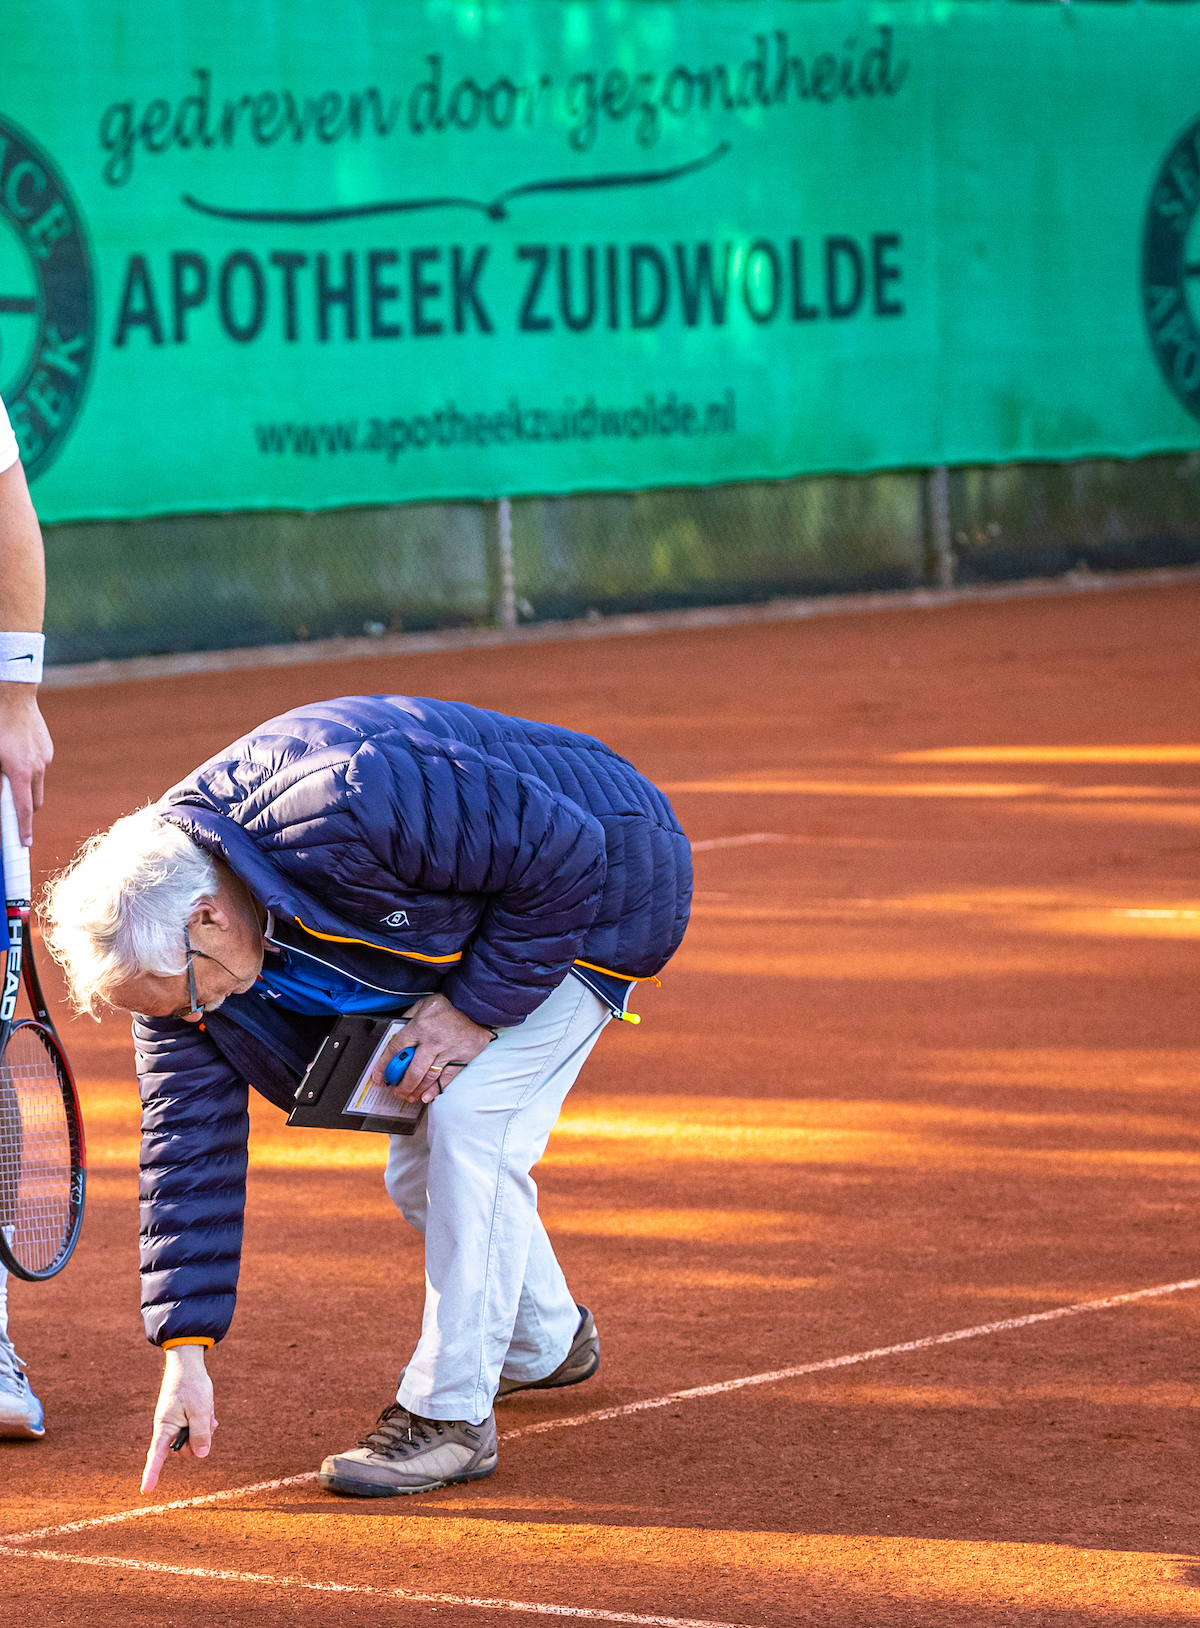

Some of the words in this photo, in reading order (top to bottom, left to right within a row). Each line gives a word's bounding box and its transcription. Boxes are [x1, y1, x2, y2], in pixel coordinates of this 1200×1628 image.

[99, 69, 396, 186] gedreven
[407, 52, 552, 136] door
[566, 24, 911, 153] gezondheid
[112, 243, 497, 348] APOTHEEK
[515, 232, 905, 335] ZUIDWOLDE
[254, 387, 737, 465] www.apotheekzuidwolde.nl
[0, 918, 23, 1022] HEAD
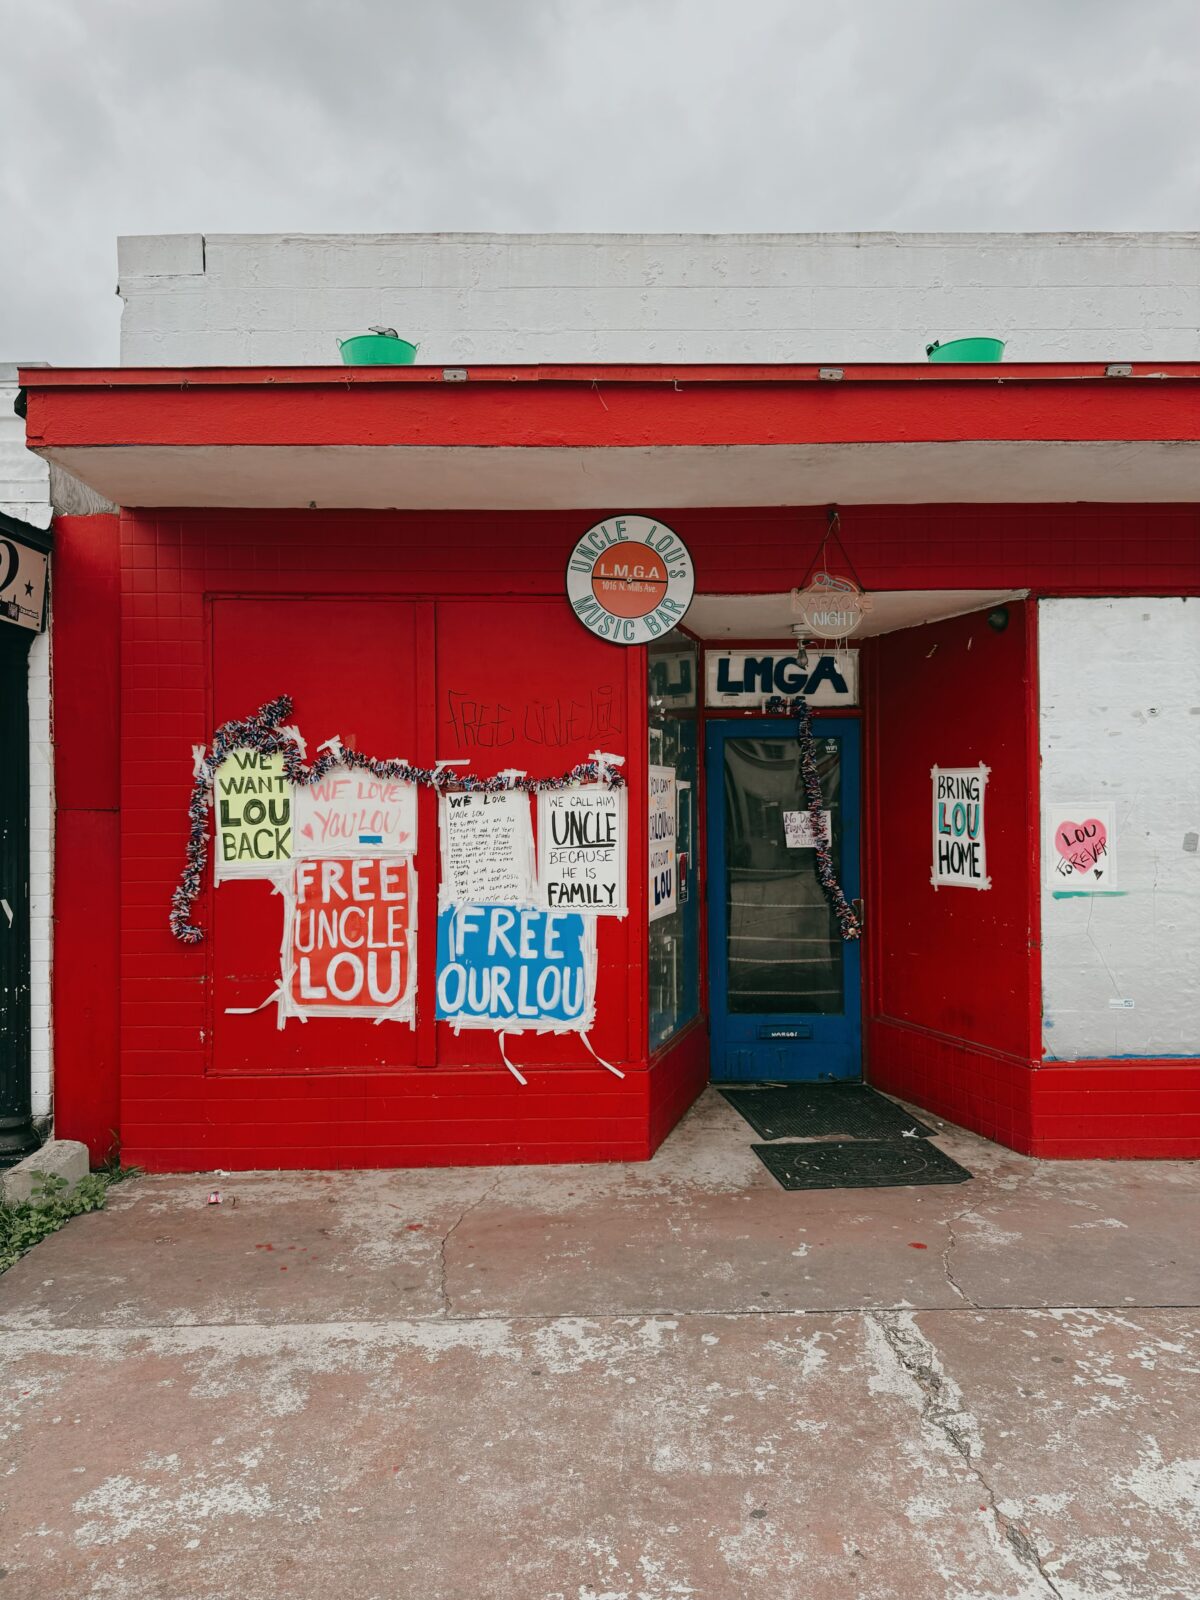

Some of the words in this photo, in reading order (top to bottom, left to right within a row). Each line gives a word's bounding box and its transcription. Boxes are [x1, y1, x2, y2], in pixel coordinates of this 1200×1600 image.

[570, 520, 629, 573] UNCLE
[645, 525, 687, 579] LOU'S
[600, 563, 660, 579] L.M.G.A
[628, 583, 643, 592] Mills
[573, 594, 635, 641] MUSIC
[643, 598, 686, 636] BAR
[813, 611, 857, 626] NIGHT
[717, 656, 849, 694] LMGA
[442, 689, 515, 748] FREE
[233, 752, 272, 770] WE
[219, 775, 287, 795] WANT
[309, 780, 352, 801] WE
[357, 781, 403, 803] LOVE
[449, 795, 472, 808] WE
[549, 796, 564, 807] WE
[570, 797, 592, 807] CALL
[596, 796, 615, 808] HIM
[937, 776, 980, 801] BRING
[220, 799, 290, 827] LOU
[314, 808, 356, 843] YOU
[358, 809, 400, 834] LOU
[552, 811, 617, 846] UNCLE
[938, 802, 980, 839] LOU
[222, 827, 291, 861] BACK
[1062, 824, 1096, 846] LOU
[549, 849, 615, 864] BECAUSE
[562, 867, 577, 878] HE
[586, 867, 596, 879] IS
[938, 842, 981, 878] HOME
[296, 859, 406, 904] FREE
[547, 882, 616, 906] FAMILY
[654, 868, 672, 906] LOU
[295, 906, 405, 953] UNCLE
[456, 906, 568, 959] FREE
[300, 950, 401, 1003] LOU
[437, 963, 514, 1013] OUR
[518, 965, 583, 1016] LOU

######

**YOUR ASSIGNMENT**
Give the lines exactly as they stand, from the line with "this 1200×1600 image." through the end of the material.

**RESPONSE TO THE EXERCISE**
Some of the words in this photo, in reading order (top to bottom, left to right within a row). Each line gives a word's bounding box and its transcription. Boxes are [x1, y1, x2, y2], in pixel coordinates of this 1200×1600 image.

[570, 520, 629, 573] UNCLE
[645, 525, 687, 579] LOU'S
[600, 563, 660, 579] L.M.G.A
[628, 583, 643, 592] Mills
[573, 594, 635, 641] MUSIC
[643, 598, 686, 636] BAR
[813, 611, 857, 626] NIGHT
[717, 656, 849, 694] LMGA
[442, 689, 515, 748] FREE
[233, 752, 272, 770] WE
[219, 775, 287, 795] WANT
[309, 780, 352, 801] WE
[357, 781, 403, 803] LOVE
[449, 795, 472, 808] WE
[549, 796, 564, 807] WE
[570, 797, 592, 807] CALL
[596, 796, 615, 808] HIM
[937, 776, 980, 801] BRING
[220, 799, 290, 827] LOU
[314, 808, 356, 843] YOU
[358, 809, 400, 834] LOU
[552, 811, 617, 846] UNCLE
[938, 802, 980, 839] LOU
[222, 827, 291, 861] BACK
[1062, 824, 1096, 846] LOU
[549, 849, 615, 864] BECAUSE
[562, 867, 577, 878] HE
[586, 867, 596, 879] IS
[938, 842, 981, 878] HOME
[296, 859, 406, 904] FREE
[547, 882, 616, 906] FAMILY
[654, 868, 672, 906] LOU
[295, 906, 405, 953] UNCLE
[456, 906, 568, 959] FREE
[300, 950, 401, 1003] LOU
[437, 963, 514, 1013] OUR
[518, 965, 583, 1016] LOU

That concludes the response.